The problem: What you give back must match the data exactly, minus the pictures.

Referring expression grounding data
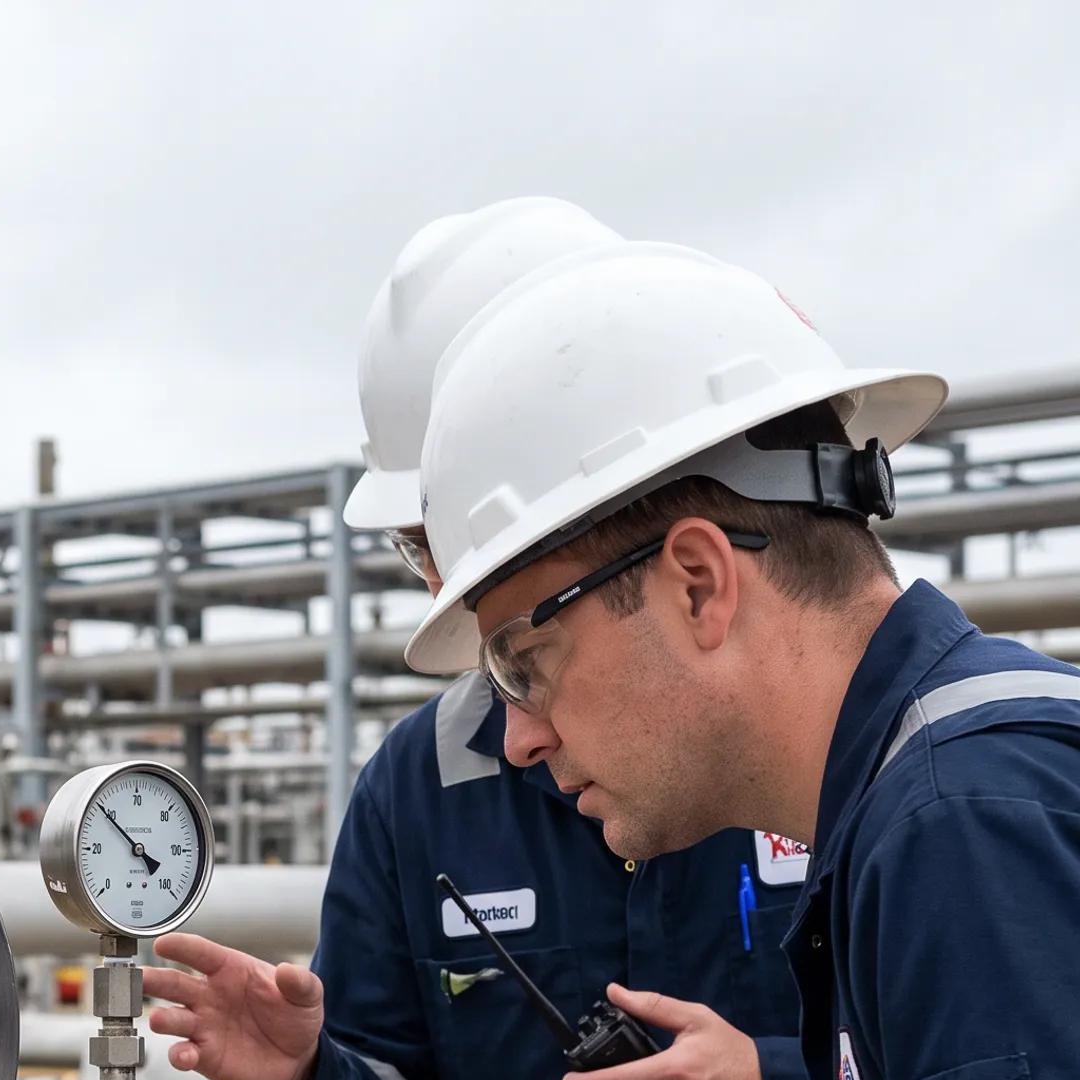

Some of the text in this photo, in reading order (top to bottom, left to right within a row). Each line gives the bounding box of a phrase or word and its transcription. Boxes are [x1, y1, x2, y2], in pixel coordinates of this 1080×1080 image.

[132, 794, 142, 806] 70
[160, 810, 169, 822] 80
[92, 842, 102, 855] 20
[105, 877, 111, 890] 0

Result for this exercise:
Some of the text in this photo, in reading order (top to bottom, left to right within a row). Each line gives the bounding box of a phrase or word and its transcription. Boxes are [x1, y1, x2, y2], in pixel coordinates of this 1080×1080 image.

[132, 794, 142, 806] 70
[160, 810, 169, 822] 80
[92, 842, 102, 855] 20
[105, 877, 111, 890] 0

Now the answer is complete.